- YOUR TASK
Reproduce the whole listing exactly and let no picture into the copy.

======== EXTRACTED ENTRIES

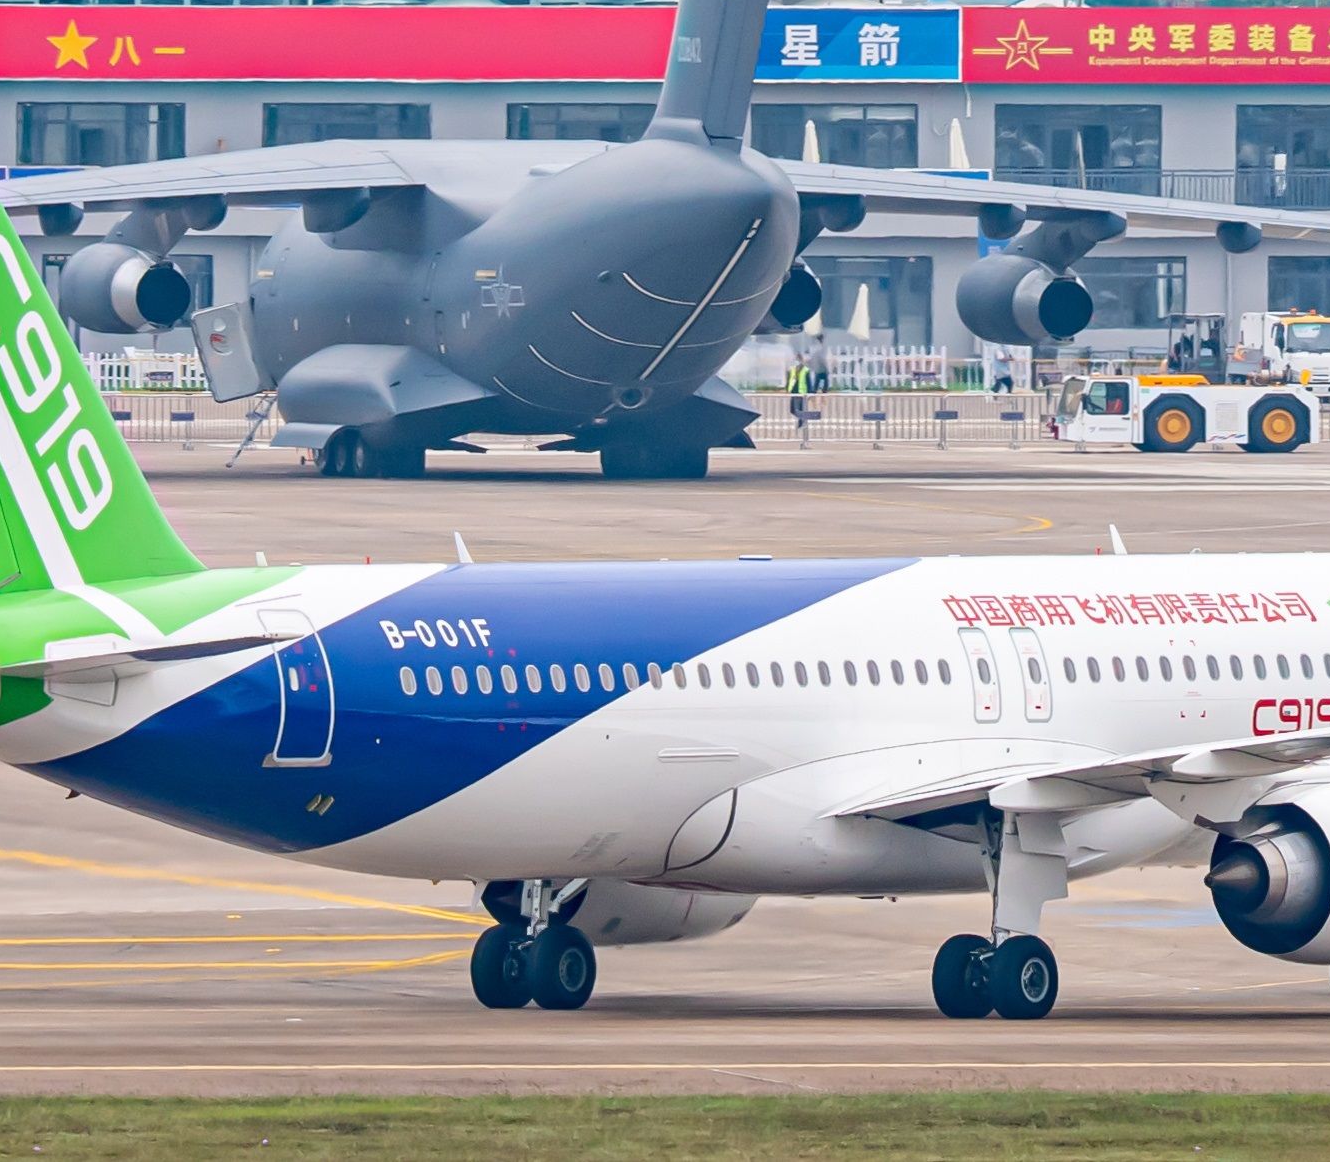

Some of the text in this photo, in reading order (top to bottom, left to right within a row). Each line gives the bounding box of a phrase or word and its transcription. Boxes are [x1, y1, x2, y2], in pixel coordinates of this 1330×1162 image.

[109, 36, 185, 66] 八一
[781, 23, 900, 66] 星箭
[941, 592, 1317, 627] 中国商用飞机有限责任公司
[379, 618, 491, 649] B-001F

================

- SOLUTION TO THE EXERCISE
Some of the text in this photo, in reading order (top to bottom, left to right within a row). Each line gives the bounding box of a phrase or word and its transcription. Boxes are [x1, y1, x2, y2], in pixel coordinates of this 1330×1162 image.

[109, 36, 185, 66] 八一
[781, 23, 900, 66] 星箭
[941, 592, 1317, 627] 中国商用飞机有限责任公司
[379, 618, 491, 649] B-001F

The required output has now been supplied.